The financial consequences of living in a capitalist society are evident: our lives revolve around work. It’s the psychological effects that are understated. Folks who are already marginalized, such as people of color, face the absolute worst consequences: they succumb to early death due to the stress of living in an oppressive society. Economic injustice feeds into food injustice, meaning many marginalized folks only have unhealthy food options, and their poor health makes it harder for them to work, all contributing to poor mental health and quality of life. Capitalism follows us throughout our entire lives, beating us down. The media perpetuates the myth of individualism, that anything is possible if we work hard enough, but this is a lie. When we realize this, it depresses us, but we continue fooling ourselves into thinking that working hard is what we owe society. Society owes us a lot more than we owe society, and if we were given all we deserved as human beings in a society that preaches advancement, we would truly have the freedom we think we do, meaning how hard we work would determine the success we have.

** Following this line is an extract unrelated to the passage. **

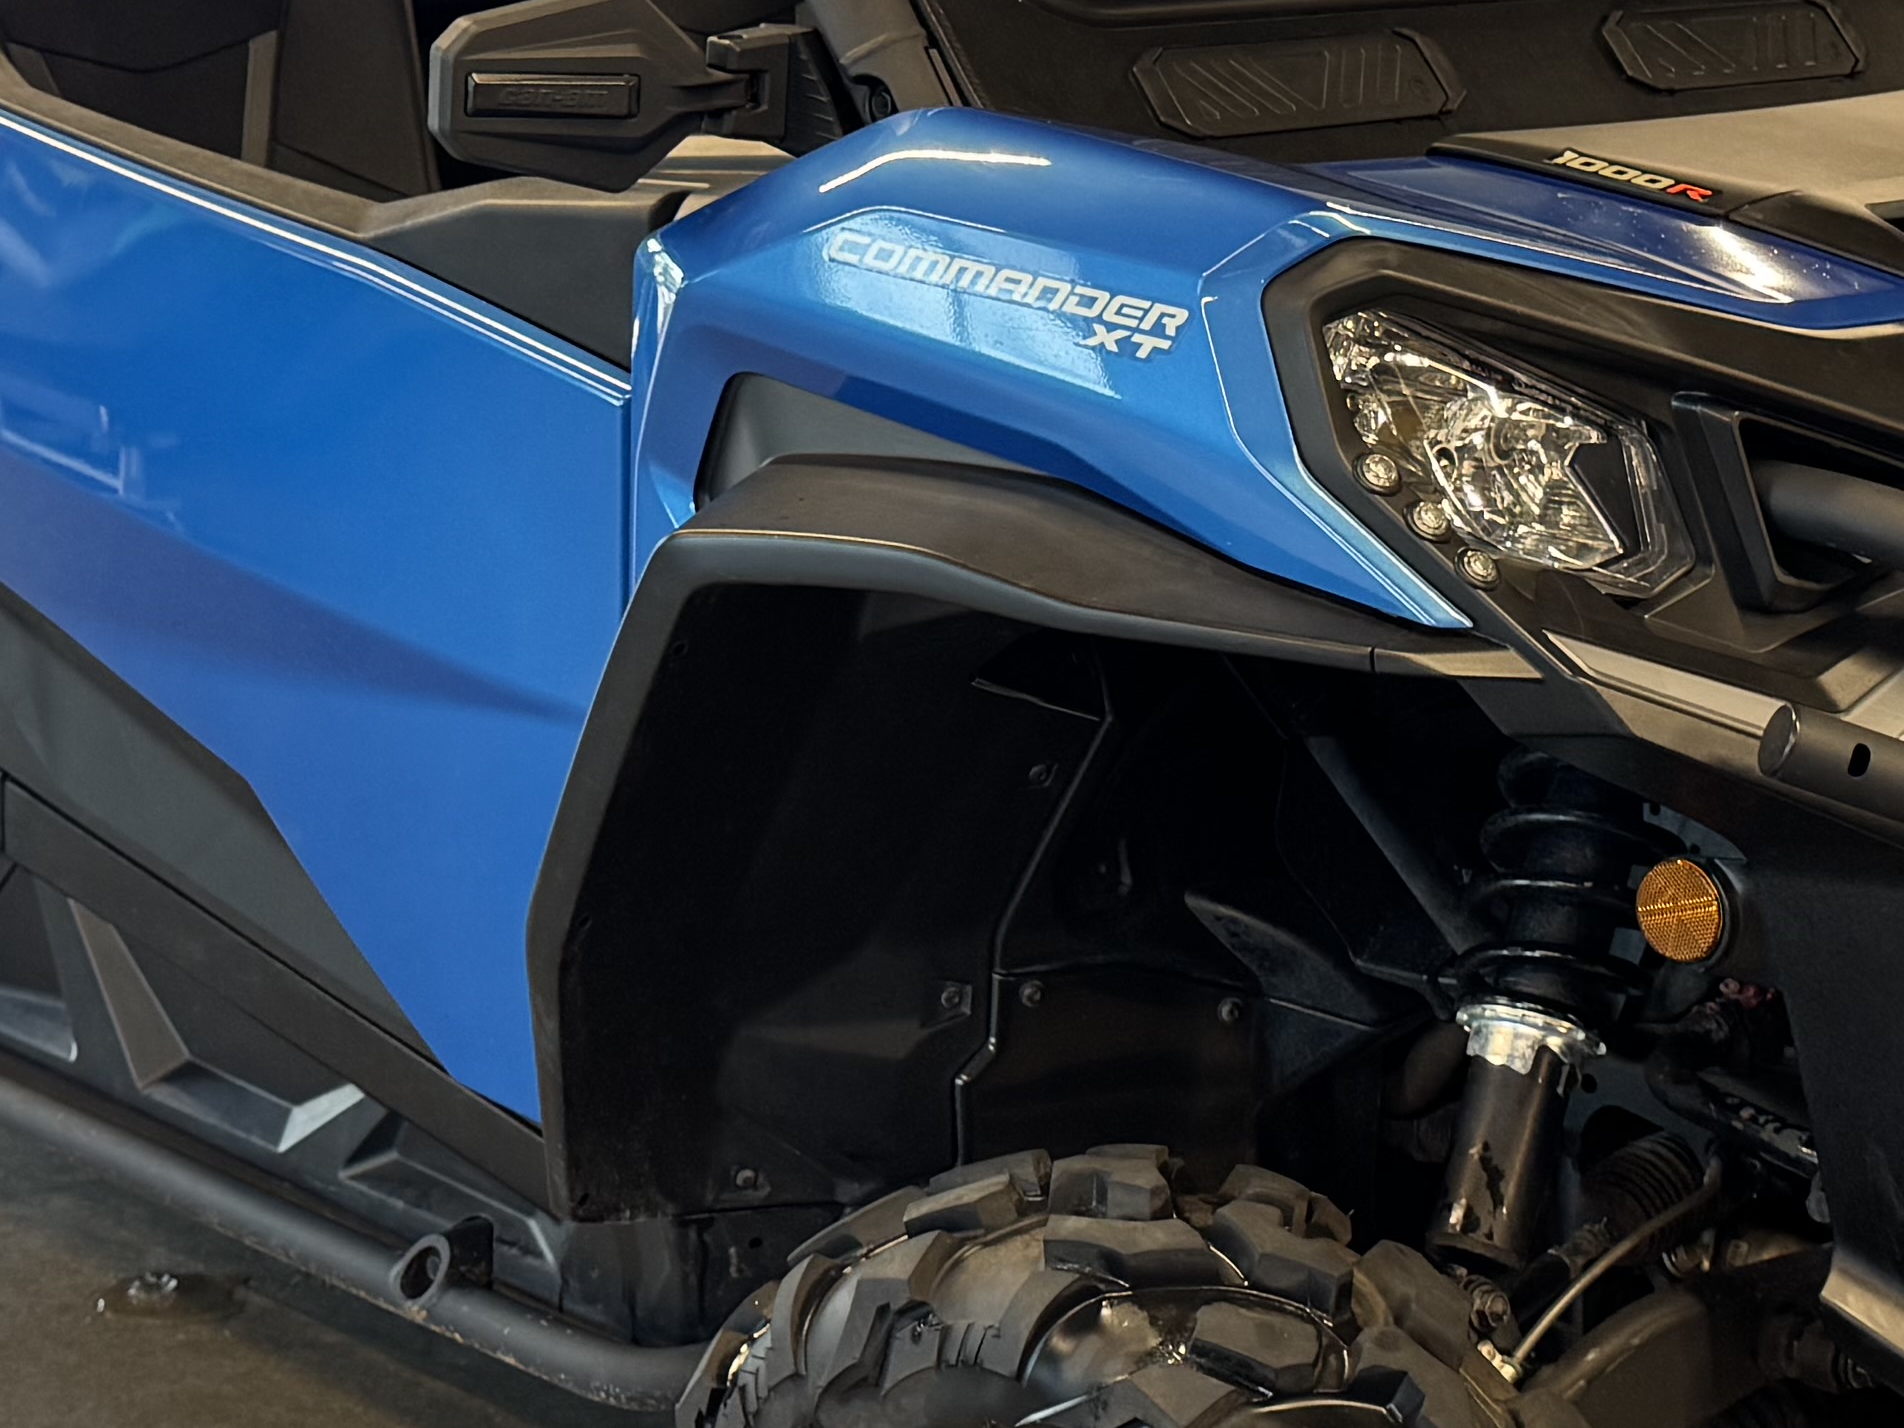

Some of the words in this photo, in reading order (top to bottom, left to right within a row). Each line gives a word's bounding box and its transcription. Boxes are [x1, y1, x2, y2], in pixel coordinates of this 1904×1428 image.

We have the right to define success the way we want to, and as long as we are not guaranteed basic human rights like a livable wage, housing, and education, we will keep holding these things as the ideals of success, and depriving ourselves-and the world- of all things beyond that that we could and should be able to achieve, those great acts that actually make up our purpose.

So who deserves to have the things they want? How does it feel to live an entire life without ever actually being fulfilled? Fulfilled, which does not mean spending our hard-earned money on things we don’t need for happiness that doesn’t last. Fulfilled, which does not mean earning the things we should have been guaranteed from birth. Fulfilled, which does not mean dismissing your higher dreams for your life in place of something more “realistic.” Fulfilled is something we all should be able to feel, but capitalism deprives us, robbing us of a psychological health that is achievable through a healthy, equitable society. Right now, we are expected to be happy “in spite of” the poor circumstances of our lives and our society. In spite of the oppression we face, in spite of the corporations and governments which do not have our best interests in mind, in spite of the continual destruction of our world by these powerful folks. Money is power, and while I do not believe it is the key to a happy life, it is the start. Having the bare necessities of life is essential to start to work on one’s own happiness and true fulfillment. The pursuit of survival and the pursuit of self-actualization will never be parallel. Until we dismantle the racist, sexist, colonialist system of capitalism, we will have no choice but to sell ourselves short to survive. We will all suffer as talented, intelligent, and inspiring individuals are denied the chance to use their passions to better the world, because they can’t afford to- emotionally and financially. We will continue to live in a society that is sick, unable to self-actualize, unable to bring all of our struggle, the hard work that is supposed to amount to something, into a productive fruition.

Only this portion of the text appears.